Repeat word for word every line from the one holding "this 1280×1440 image." to the end of the material below.

+--

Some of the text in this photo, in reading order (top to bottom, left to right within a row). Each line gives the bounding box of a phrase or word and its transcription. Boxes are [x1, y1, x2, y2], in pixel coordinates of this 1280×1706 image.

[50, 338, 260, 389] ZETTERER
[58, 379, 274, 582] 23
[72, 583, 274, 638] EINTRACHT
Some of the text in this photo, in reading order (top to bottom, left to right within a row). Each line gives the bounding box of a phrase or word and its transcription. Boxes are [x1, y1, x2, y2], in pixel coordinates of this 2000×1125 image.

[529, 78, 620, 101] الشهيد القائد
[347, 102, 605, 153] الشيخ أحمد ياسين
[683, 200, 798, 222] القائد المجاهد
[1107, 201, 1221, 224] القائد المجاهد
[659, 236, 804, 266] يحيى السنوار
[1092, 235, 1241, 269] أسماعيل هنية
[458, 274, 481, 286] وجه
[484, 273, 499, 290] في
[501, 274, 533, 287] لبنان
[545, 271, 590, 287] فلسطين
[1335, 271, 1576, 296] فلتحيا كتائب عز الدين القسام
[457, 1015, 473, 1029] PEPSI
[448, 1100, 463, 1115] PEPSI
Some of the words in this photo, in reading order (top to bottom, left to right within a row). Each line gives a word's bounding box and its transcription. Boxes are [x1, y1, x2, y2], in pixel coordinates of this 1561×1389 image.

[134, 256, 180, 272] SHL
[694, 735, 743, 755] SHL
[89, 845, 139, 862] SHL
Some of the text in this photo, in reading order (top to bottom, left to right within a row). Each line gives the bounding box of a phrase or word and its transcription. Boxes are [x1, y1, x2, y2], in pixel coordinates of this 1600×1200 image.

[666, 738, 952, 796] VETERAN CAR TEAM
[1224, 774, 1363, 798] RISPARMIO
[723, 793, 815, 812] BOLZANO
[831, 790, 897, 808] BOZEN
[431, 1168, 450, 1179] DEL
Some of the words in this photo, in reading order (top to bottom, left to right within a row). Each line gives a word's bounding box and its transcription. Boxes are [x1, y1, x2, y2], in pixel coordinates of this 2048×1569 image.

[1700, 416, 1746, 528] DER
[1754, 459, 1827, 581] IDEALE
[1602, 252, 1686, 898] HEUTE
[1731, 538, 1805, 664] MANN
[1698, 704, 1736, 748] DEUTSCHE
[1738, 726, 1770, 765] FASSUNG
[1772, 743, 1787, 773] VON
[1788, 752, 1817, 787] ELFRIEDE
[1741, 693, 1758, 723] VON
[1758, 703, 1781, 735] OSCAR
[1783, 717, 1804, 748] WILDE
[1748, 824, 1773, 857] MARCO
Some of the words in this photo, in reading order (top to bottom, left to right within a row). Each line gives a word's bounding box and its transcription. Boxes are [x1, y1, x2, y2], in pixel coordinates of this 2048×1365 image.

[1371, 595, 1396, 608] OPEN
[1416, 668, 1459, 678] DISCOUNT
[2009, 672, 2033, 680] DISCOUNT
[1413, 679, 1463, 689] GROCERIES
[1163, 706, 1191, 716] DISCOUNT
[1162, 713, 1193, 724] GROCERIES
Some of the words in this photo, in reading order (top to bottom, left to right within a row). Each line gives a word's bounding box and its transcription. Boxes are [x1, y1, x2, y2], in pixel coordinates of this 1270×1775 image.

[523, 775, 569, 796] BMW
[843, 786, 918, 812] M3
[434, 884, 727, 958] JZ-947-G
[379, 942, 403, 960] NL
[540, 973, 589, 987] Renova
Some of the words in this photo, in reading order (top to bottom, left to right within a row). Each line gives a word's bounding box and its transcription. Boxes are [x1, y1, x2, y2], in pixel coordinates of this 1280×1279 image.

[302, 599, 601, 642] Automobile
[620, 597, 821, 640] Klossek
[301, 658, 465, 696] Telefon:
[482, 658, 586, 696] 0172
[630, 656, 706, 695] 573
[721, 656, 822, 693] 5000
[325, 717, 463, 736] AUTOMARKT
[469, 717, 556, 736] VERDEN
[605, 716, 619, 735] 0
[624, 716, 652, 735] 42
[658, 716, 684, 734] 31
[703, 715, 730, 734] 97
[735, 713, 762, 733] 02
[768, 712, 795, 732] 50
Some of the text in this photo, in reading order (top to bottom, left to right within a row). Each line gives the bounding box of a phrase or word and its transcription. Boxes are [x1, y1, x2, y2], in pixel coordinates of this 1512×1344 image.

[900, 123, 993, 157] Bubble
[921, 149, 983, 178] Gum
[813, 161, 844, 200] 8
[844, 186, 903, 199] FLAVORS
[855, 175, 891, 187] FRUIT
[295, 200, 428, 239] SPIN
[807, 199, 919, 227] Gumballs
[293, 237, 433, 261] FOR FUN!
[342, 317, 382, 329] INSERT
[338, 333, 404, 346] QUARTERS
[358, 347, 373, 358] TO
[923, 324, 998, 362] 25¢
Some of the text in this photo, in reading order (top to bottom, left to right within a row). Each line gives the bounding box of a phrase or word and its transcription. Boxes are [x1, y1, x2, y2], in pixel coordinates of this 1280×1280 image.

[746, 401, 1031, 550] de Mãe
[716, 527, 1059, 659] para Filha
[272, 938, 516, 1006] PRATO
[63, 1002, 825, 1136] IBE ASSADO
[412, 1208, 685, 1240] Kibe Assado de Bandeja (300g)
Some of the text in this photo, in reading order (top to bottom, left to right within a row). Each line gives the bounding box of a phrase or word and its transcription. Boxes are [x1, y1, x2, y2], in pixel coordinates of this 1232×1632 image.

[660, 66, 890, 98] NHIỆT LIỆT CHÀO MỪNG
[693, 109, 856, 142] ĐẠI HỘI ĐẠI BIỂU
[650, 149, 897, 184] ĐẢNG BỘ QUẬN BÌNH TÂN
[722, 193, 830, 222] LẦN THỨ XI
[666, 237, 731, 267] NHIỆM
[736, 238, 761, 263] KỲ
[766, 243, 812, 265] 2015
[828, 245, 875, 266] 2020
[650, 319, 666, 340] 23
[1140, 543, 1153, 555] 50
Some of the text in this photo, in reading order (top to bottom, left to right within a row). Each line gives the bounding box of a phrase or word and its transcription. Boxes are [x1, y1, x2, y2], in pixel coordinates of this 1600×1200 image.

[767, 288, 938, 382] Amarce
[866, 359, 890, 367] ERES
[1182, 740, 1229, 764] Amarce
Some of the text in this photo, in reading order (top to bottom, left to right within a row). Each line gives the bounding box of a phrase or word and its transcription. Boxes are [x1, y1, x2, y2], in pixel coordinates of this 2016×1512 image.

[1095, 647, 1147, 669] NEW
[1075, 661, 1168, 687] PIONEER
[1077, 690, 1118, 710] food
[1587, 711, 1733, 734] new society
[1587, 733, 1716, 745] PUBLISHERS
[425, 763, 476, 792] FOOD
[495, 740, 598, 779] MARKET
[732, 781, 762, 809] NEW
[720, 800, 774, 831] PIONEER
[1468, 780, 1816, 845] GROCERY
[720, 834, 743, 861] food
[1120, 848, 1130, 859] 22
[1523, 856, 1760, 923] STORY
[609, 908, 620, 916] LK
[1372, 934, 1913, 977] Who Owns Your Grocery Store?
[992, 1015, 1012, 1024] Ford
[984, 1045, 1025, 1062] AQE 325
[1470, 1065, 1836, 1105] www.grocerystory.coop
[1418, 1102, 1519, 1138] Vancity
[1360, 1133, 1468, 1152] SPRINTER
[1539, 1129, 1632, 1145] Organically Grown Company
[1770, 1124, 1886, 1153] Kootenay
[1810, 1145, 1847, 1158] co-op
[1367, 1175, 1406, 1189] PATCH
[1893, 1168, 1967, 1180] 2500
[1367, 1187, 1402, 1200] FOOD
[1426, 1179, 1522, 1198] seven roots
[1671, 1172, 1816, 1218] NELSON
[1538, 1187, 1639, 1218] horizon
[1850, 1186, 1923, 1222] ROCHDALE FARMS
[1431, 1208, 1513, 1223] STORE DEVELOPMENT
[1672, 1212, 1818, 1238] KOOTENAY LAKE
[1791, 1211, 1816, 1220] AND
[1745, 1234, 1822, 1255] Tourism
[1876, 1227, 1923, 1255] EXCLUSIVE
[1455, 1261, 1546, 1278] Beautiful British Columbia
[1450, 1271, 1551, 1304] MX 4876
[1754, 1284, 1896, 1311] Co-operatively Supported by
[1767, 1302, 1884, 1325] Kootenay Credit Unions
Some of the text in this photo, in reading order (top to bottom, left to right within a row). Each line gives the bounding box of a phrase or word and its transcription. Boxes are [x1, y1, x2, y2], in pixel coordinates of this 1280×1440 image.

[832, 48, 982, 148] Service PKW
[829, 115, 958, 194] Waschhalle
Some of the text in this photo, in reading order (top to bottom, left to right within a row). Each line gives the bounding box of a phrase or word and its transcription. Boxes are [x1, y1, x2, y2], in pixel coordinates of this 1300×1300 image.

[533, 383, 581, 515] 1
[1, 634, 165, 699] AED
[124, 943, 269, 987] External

+--

## [TASK ANSWER]
Some of the text in this photo, in reading order (top to bottom, left to right within a row). Each line gives the bounding box of a phrase or word and its transcription. Boxes are [x1, y1, x2, y2], in pixel coordinates of this 1280×1440 image.

[832, 48, 982, 148] Service PKW
[829, 115, 958, 194] Waschhalle
Some of the text in this photo, in reading order (top to bottom, left to right within a row). Each line gives the bounding box of a phrase or word and its transcription. Boxes are [x1, y1, x2, y2], in pixel coordinates of this 1300×1300 image.

[533, 383, 581, 515] 1
[1, 634, 165, 699] AED
[124, 943, 269, 987] External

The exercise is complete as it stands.